Content starts
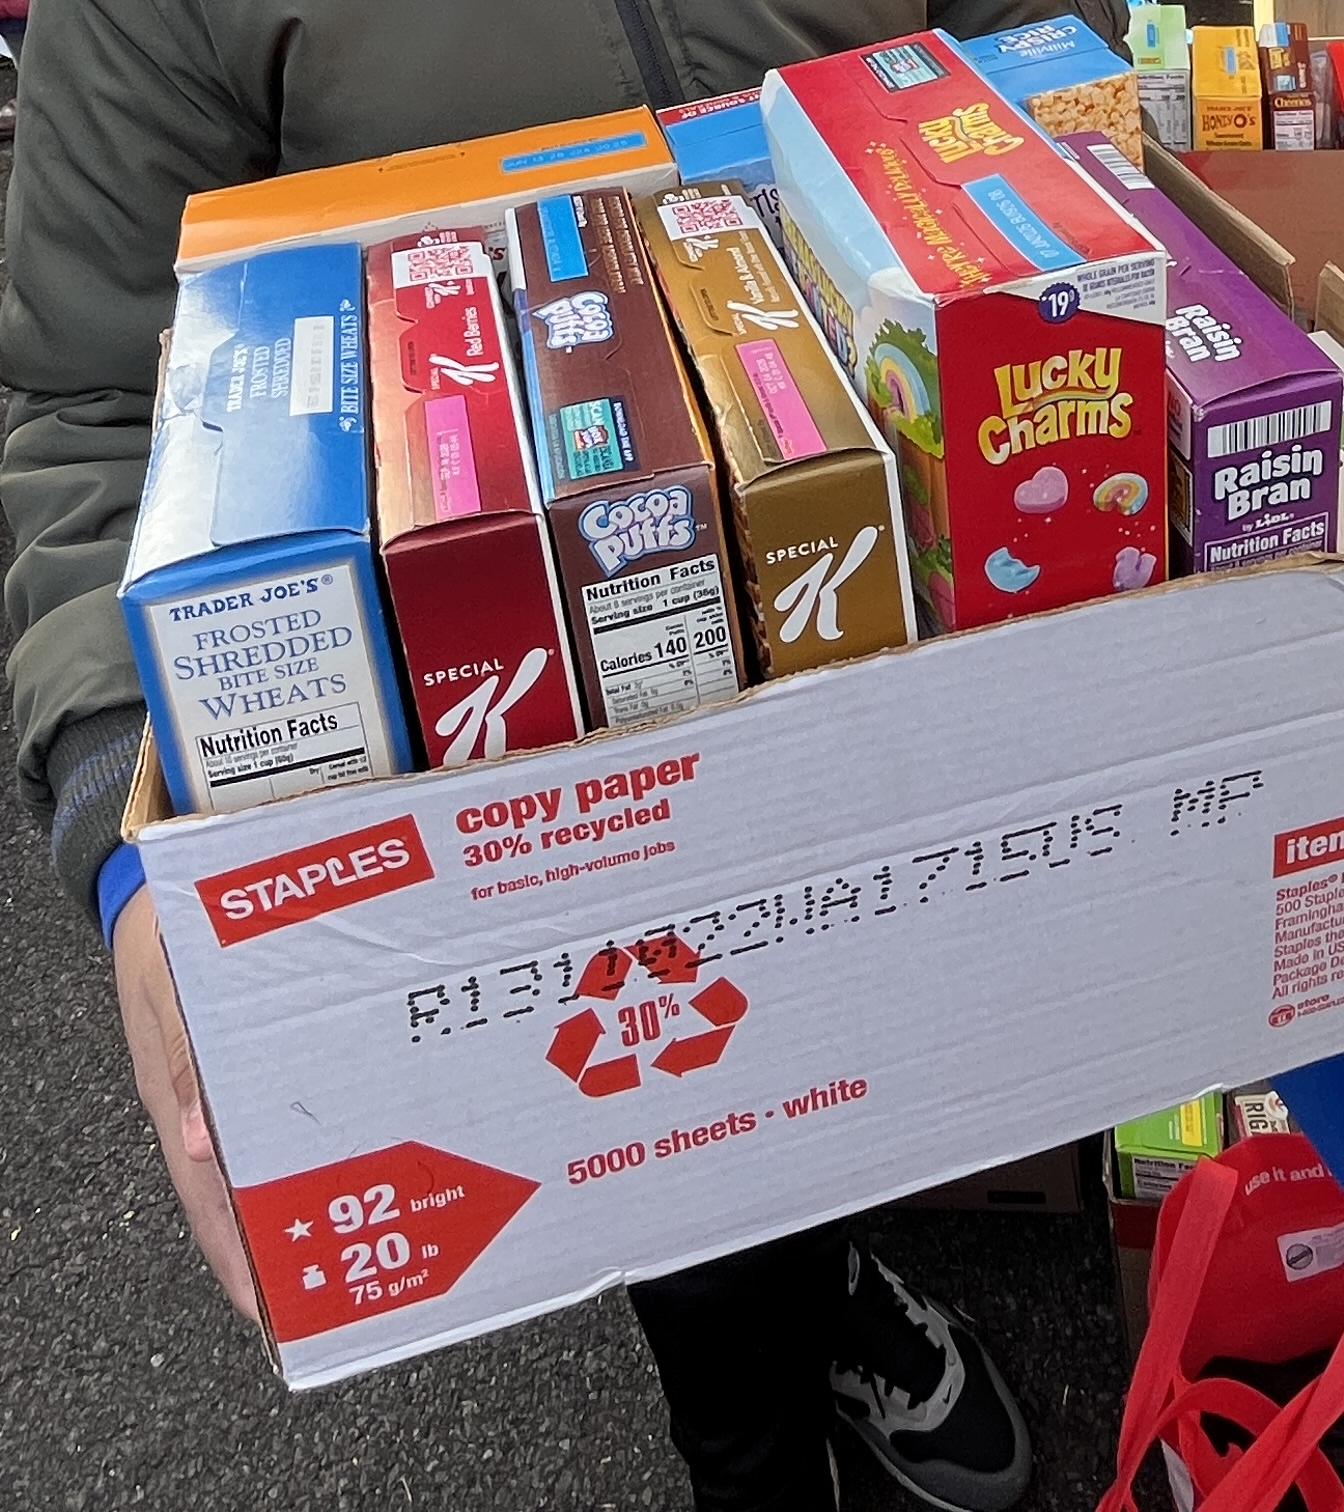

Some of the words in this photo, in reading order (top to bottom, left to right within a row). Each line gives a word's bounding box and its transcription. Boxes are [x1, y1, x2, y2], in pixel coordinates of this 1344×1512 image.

[997, 24, 1056, 45] RICE
[997, 27, 1078, 54] CRISPY
[1202, 114, 1233, 132] HONEY
[1274, 97, 1312, 108] Cheerios
[341, 314, 358, 360] WHEATS
[463, 306, 481, 336] Berries
[534, 298, 577, 346] Puffs
[572, 292, 610, 341] Cocoa
[1165, 315, 1211, 364] Bran
[1175, 303, 1243, 363] Raisin
[271, 338, 291, 398] SHREDDED
[466, 336, 484, 356] Red
[227, 375, 244, 412] TRADER
[250, 346, 270, 398] FROSTED
[341, 362, 359, 385] SIZE
[994, 347, 1122, 420] Lucky
[341, 388, 359, 414] BITE
[978, 392, 1134, 464] Charms
[1214, 444, 1324, 502] Raisin
[581, 488, 690, 539] Cocoa
[1228, 476, 1311, 523] Bran
[591, 516, 693, 577] Puffs
[766, 536, 839, 564] SPECIAL
[1209, 532, 1279, 565] Nutrition
[1282, 519, 1325, 544] Facts
[586, 573, 661, 601] Nutrition
[670, 559, 715, 581] Facts
[774, 526, 878, 643] K
[169, 593, 254, 622] TRADER
[193, 609, 321, 651] FROSTED
[591, 610, 630, 625] Serving
[633, 603, 653, 617] size
[663, 598, 668, 608] 1
[672, 594, 690, 608] cup
[173, 626, 352, 680] SHREDDED
[423, 657, 504, 687] SPECIAL
[600, 650, 652, 673] Calories
[655, 636, 687, 660] 140
[694, 626, 727, 649] 200
[199, 674, 347, 721] WHEATS
[219, 669, 269, 691] BITE
[275, 658, 320, 680] SIZE
[435, 647, 548, 766] K
[200, 726, 283, 758] Nutrition
[286, 713, 338, 740] Facts
[208, 765, 236, 779] Serving
[237, 762, 252, 774] size
[259, 758, 273, 771] cup
[456, 785, 563, 838] copy
[575, 752, 701, 812] paper
[463, 827, 533, 868] 30%
[541, 799, 671, 849] recycled
[220, 836, 411, 921] STAPLES
[471, 882, 495, 901] for
[497, 871, 544, 894] basic,
[545, 850, 640, 885] high-volume
[643, 838, 675, 861] jobs
[1276, 899, 1301, 917] 500
[1274, 935, 1322, 959] Staples
[1325, 925, 1344, 944] the
[1274, 952, 1310, 973] Made
[1312, 946, 1325, 961] in
[1272, 984, 1289, 1000] All
[1291, 973, 1328, 996] rights
[1273, 960, 1328, 988] Package
[617, 992, 681, 1048] 30%
[566, 1142, 645, 1186] 5000
[653, 1107, 756, 1160] sheets
[782, 1076, 868, 1120] white
[1244, 1171, 1270, 1196] use
[1272, 1166, 1287, 1182] it
[1290, 1163, 1324, 1182] and
[327, 1184, 401, 1235] 92
[410, 1185, 466, 1214] bright
[341, 1231, 411, 1284] 20
[421, 1241, 440, 1260] lb
[349, 1279, 383, 1306] 75
Content ends
▸ Your instructions
Exclude the pictures, then write out every record exactly as it stands.

▸ Your response
Some of the words in this photo, in reading order (top to bottom, left to right within a row). Each line gives a word's bounding box and its transcription. Boxes are [x1, y1, x2, y2], in pixel coordinates of this 1344×1512 image.

[997, 24, 1056, 45] RICE
[997, 27, 1078, 54] CRISPY
[1202, 114, 1233, 132] HONEY
[1274, 97, 1312, 108] Cheerios
[341, 314, 358, 360] WHEATS
[463, 306, 481, 336] Berries
[534, 298, 577, 346] Puffs
[572, 292, 610, 341] Cocoa
[1165, 315, 1211, 364] Bran
[1175, 303, 1243, 363] Raisin
[271, 338, 291, 398] SHREDDED
[466, 336, 484, 356] Red
[227, 375, 244, 412] TRADER
[250, 346, 270, 398] FROSTED
[341, 362, 359, 385] SIZE
[994, 347, 1122, 420] Lucky
[341, 388, 359, 414] BITE
[978, 392, 1134, 464] Charms
[1214, 444, 1324, 502] Raisin
[581, 488, 690, 539] Cocoa
[1228, 476, 1311, 523] Bran
[591, 516, 693, 577] Puffs
[766, 536, 839, 564] SPECIAL
[1209, 532, 1279, 565] Nutrition
[1282, 519, 1325, 544] Facts
[586, 573, 661, 601] Nutrition
[670, 559, 715, 581] Facts
[774, 526, 878, 643] K
[169, 593, 254, 622] TRADER
[193, 609, 321, 651] FROSTED
[591, 610, 630, 625] Serving
[633, 603, 653, 617] size
[663, 598, 668, 608] 1
[672, 594, 690, 608] cup
[173, 626, 352, 680] SHREDDED
[423, 657, 504, 687] SPECIAL
[600, 650, 652, 673] Calories
[655, 636, 687, 660] 140
[694, 626, 727, 649] 200
[199, 674, 347, 721] WHEATS
[219, 669, 269, 691] BITE
[275, 658, 320, 680] SIZE
[435, 647, 548, 766] K
[200, 726, 283, 758] Nutrition
[286, 713, 338, 740] Facts
[208, 765, 236, 779] Serving
[237, 762, 252, 774] size
[259, 758, 273, 771] cup
[456, 785, 563, 838] copy
[575, 752, 701, 812] paper
[463, 827, 533, 868] 30%
[541, 799, 671, 849] recycled
[220, 836, 411, 921] STAPLES
[471, 882, 495, 901] for
[497, 871, 544, 894] basic,
[545, 850, 640, 885] high-volume
[643, 838, 675, 861] jobs
[1276, 899, 1301, 917] 500
[1274, 935, 1322, 959] Staples
[1325, 925, 1344, 944] the
[1274, 952, 1310, 973] Made
[1312, 946, 1325, 961] in
[1272, 984, 1289, 1000] All
[1291, 973, 1328, 996] rights
[1273, 960, 1328, 988] Package
[617, 992, 681, 1048] 30%
[566, 1142, 645, 1186] 5000
[653, 1107, 756, 1160] sheets
[782, 1076, 868, 1120] white
[1244, 1171, 1270, 1196] use
[1272, 1166, 1287, 1182] it
[1290, 1163, 1324, 1182] and
[327, 1184, 401, 1235] 92
[410, 1185, 466, 1214] bright
[341, 1231, 411, 1284] 20
[421, 1241, 440, 1260] lb
[349, 1279, 383, 1306] 75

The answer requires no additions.